Substantially better survival in the supplement group
What the researchers also found was a distinctly increasing distance between the numbers of survivors in the supplement group and in the placebo group. At baseline in the original KiSel-10 study, the number of participants in the two groups was quite similar with 222 participants in the supplement group and 221 in the placebo group. However, after the four years of intervention there were 208 people in the supplement group but only 194 in the placebo group. The scientists had anticipated some deaths in both groups, mainly because the average age at study start was 78 years. Nonetheless, 10 years after the KiSel-10 study was initiated, 175 participants remained in the supplement group, while there were only 136 participants left in the placebo group. In other words, there were far more survivors among those who had taken Q10 and selenium, and the distance between the number of survivors in the two groups had increased massively.

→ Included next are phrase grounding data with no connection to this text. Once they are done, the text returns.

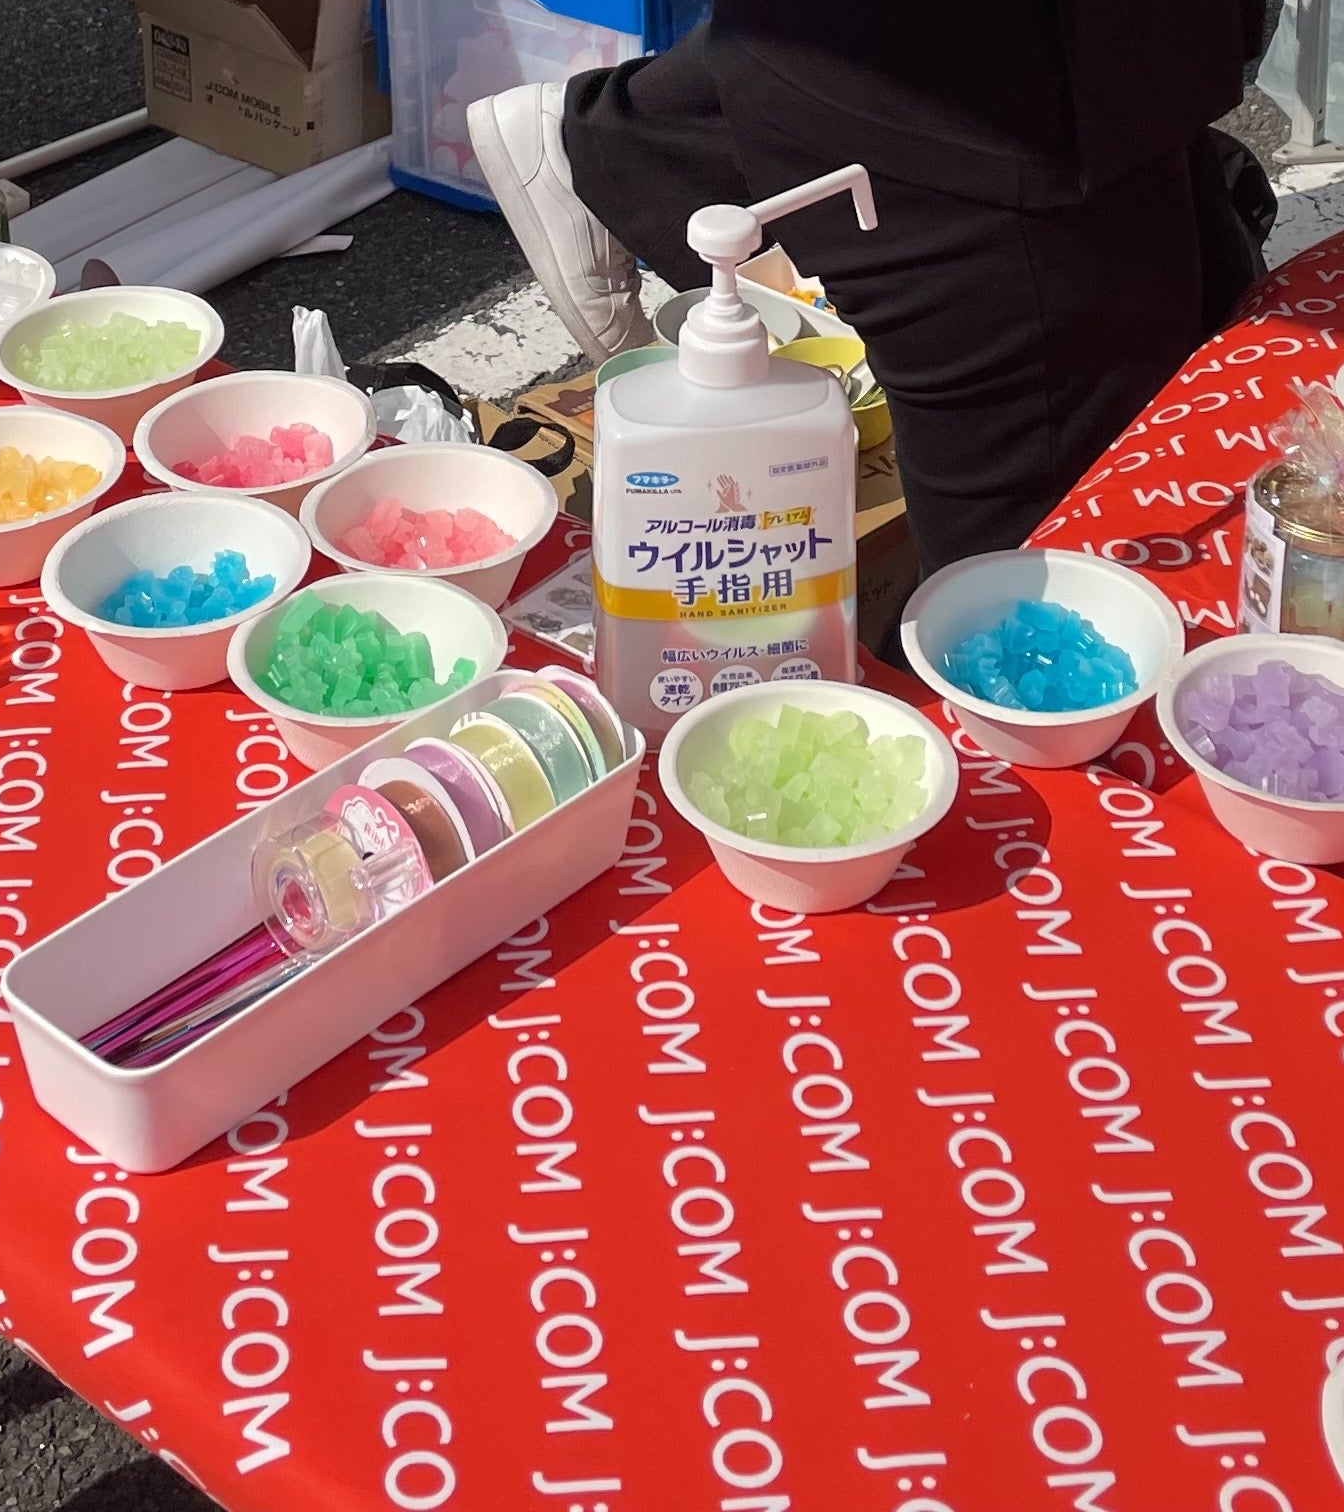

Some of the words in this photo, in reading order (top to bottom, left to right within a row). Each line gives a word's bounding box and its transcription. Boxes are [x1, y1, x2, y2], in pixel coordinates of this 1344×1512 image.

[240, 93, 281, 116] MOBILE
[1108, 376, 1265, 451] J:COM
[1179, 327, 1338, 385] J:COM
[628, 528, 833, 572] ウイルシャット
[645, 515, 756, 533] アルコール消毒
[673, 568, 793, 605] 手指用
[766, 511, 808, 525] プレミアム
[6, 594, 64, 705] J:COM
[662, 639, 808, 663] 幅広いウイルス・細菌に
[720, 604, 788, 616] SANITIZER
[225, 709, 288, 811] J:CO
[660, 695, 697, 706] タイプ
[664, 684, 691, 695] 速乾
[100, 790, 166, 899] J:CO
[966, 816, 1083, 955] J:COM
[609, 919, 707, 1074] J:COM
[867, 900, 981, 1062] J:COM
[1120, 880, 1253, 1046] J:COM
[488, 1014, 582, 1193] J:COM
[756, 988, 871, 1173] J:COM
[1023, 981, 1154, 1155] J:COM
[356, 1120, 445, 1317] J:COM
[638, 1105, 749, 1296] J:COM
[916, 1088, 1049, 1276] J:COM
[1193, 1071, 1344, 1259] J:COM
[66, 1146, 140, 1358] J:COM
[508, 1224, 614, 1433] J:COM
[802, 1203, 932, 1409] J:COM
[1092, 1183, 1244, 1389] J:COM
[208, 1243, 290, 1474] J:COM
[362, 1350, 456, 1512] J:CO
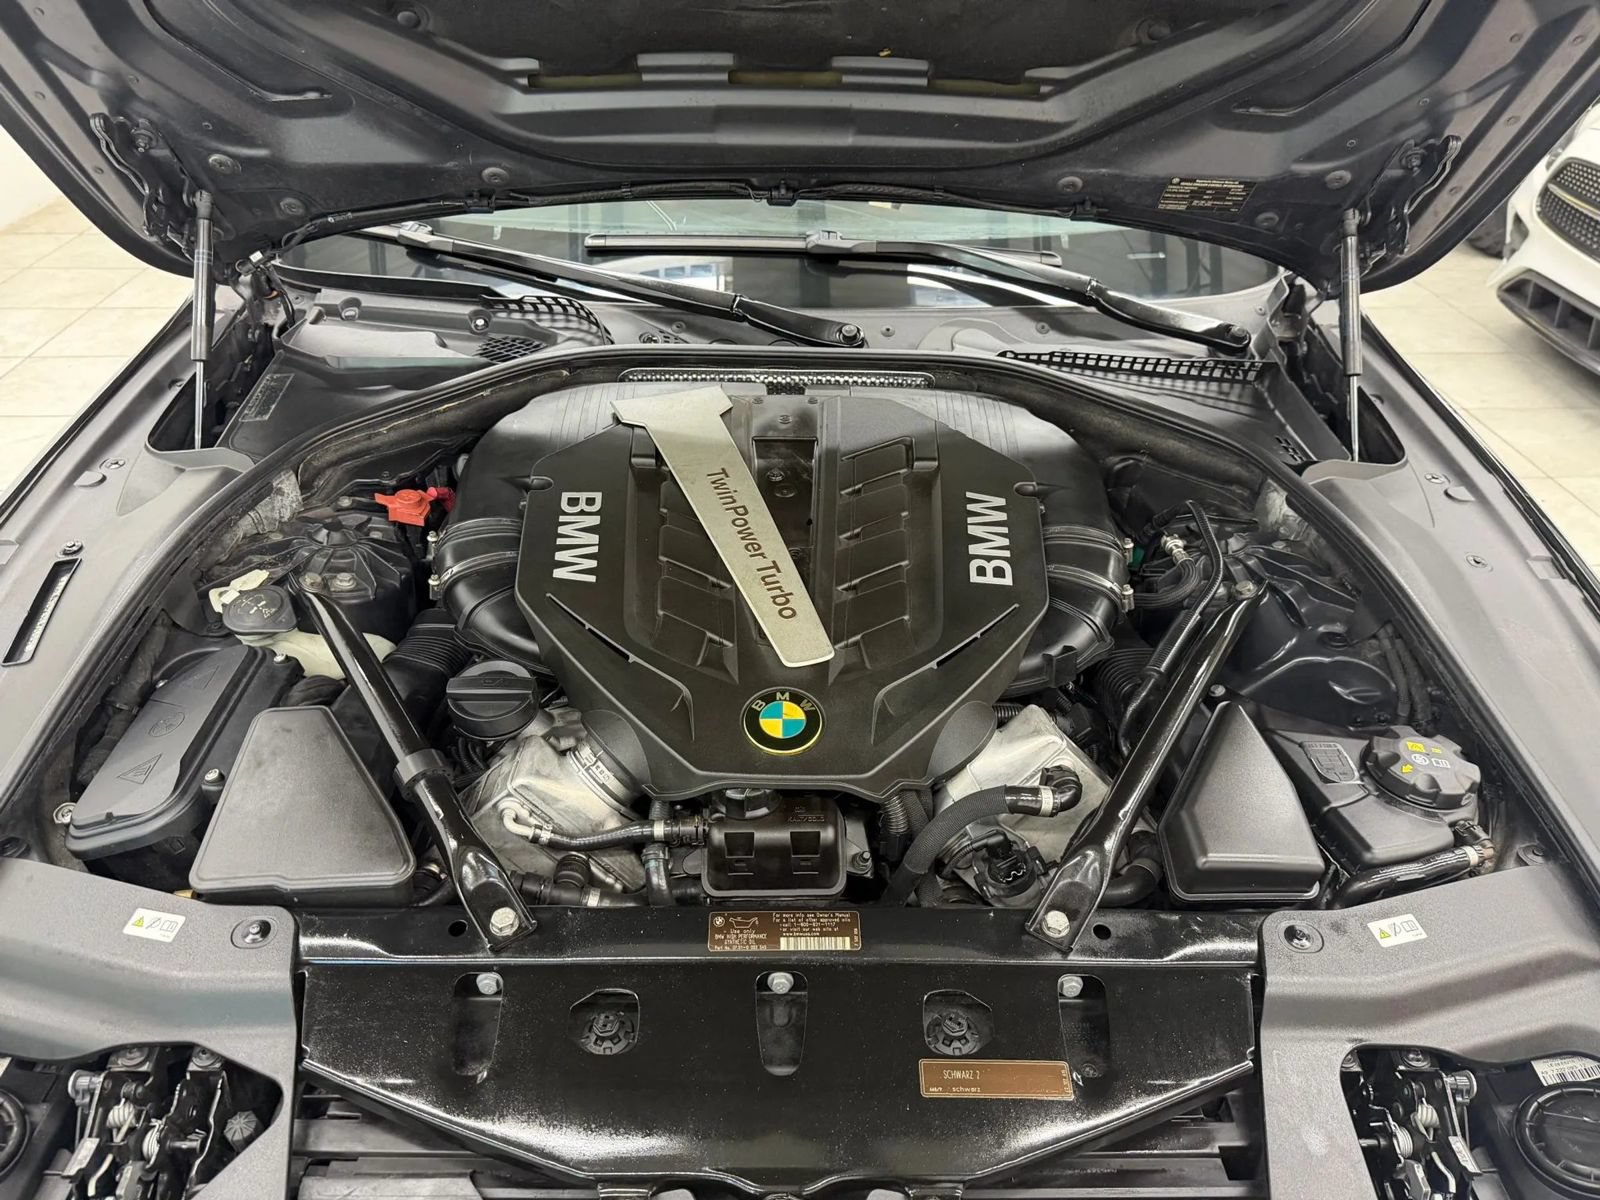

Stronger hearts and fewer hospitalizations
Since the KiSel-10 study was published in the International Journal of Cardiology in 2013, seven follow-up studies have been made on behalf of the original data. They all point towards Q10 and selenium as having the potential to improve the heart function and reduce the risk of dying of cardiovascular disease by around 50%. Moreover, an improved heart function contributes to improved quality of life among the elderly at the same time as reducing their need for hospitalization.
Age weakens the heart - Q10 and selenium counteract that weakening
Echocardiograms (ultrasound measurements) carried out as part of the KiSel-10 study revealed that the heart muscle pumped with less effort in those who had taken Q10 and selenium, compared with those who had taken placebo. Also, blood analyses showed another important difference in cardiac performance. Those who had been taking supplements had lower levels of NT-proBNP, a hormone which the heart muscle releases when it strains itself. The more the heart has to strain itself, the greater amount of hormone is released. Therefore the heart is not only an efficient pump but a hormonal gland, and the amount of NT-proBNP that it produces reflects the condition of the heart.
From our mid-forties, levels of NT-proBNP increase by about 6% a year, indicating a gradual weakening of the heart. Over time, this causes the cardiac muscle to become tense and stiff, a distinguishing characteristic of a weak heart. Even though the risk of a weak heart increases with age, it appears that Q10 and selenium can postpone the rise in NT-proBNP, and that is an objective sign of a more stable and stronger heart muscle.
Selenium deficiencies are widespread
Urban Alehagen and his team of researchers collected many blood samples that showed, among other things, how alarmingly low the selenium status is among older Swedes. Before the KiSel-10 study was initiated, the participants in both the supplement group and the placebo group had an average blood selenium content of 67.1 micrograms per liter. This is far too little to support the body's different selenium-dependent proteins (selenoproteins), which are important not only for optimal functioning of Q10 but also are constituent elements of powerful antioxidants, the immune defense, the metabolism, etc.
Subsequently, the researchers observed that study participants with the lowest blood selenium levels had a 56% greater risk of dying of cardiovascular disease and a 43% greater risk of dying of other causes.
The heart's Q10 content decreases with age
Measurements show that the heart's Q10 content generally decreases with age, which is also the case with the body's endogenous production of the compound.